Author's Notes: This was written for Mikkeneko and set in the FaultyWish universe as established in the lj community of the same name. If you haven't read the other fics in this continuity, I recommend them highly, but here's the short, short version to let you know what's going on. -grin-

The premise behind Wish: In a dream, the Gate tricks Al into agreeing that the world might have been better off if his brother never existed. It gives the boy what he asks for: Ed is taken, for many, many years within the Gate, where he suffers incredibly both physically and mentally. Then one night, an Al who is 28 and a doctor, married to Winry, who never had an older brother and never studied alchemy, dreams of a boy he doesn't know in terrible pain... and saves him. Now Ed is living in the world as it would have existed without him, struggling to adjust and heal.

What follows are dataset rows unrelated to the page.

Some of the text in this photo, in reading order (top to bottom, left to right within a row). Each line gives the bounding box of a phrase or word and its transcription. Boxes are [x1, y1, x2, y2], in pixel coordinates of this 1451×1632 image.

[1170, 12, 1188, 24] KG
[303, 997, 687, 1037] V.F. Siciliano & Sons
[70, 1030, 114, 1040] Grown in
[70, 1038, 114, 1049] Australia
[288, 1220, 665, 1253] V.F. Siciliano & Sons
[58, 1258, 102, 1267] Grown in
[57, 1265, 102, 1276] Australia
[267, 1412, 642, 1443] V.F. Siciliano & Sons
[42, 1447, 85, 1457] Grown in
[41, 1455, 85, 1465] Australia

Set: After Ed has recovered somewhat and had his automail leg reinstalled; before Hohenheim comes to visit.


First Steps
The sky was thick with clouds on the day that he left; they hung low in the sky, black tinged purple, stretching away to the horizon like a roiling mass of fresh-bruised skin.

Al and Winry had argued again the night before, sharp words drifting through walls too thin to hide them, and he'd closed his eyes against the sound, trying hard not to think that it would never get any better- not as long as he gave them something to argue about.

When sleep had come, it had been uneasy, a fitful affair beset by guilt and heralded by the half-muffled screams of the two people he loved most. And when Ed woke to the still of an empty house, every old wound aching with the onset of rain, his first thought had been of leaving.

The boy had known, of course, that it would have to happen sometime, had been waiting quietly, building up his strength so that he could make his way to Central. The only thing surprising was how easy it'd been to set the plan in motion.

Ed had folded down the blankets on the bed before turning his attention to the stairs- an awkward attempt, still a bit strange, because the time without a leg had left walking nothing more than the relic of a dimly-remembered life.

He'd found paper in the kitchen, ignored the pain in his fingers from a break long healed as he'd lifted the pen to scratch a note.

In the cupboard, there was bread- thick and brown and flaky, a whole loaf, and he nearly hesitated to take so much. But Riesenburg was far from anywhere, and starving on the road would help nothing at all, and in the end the boy's logic had triumphed over the raw ache of guilt.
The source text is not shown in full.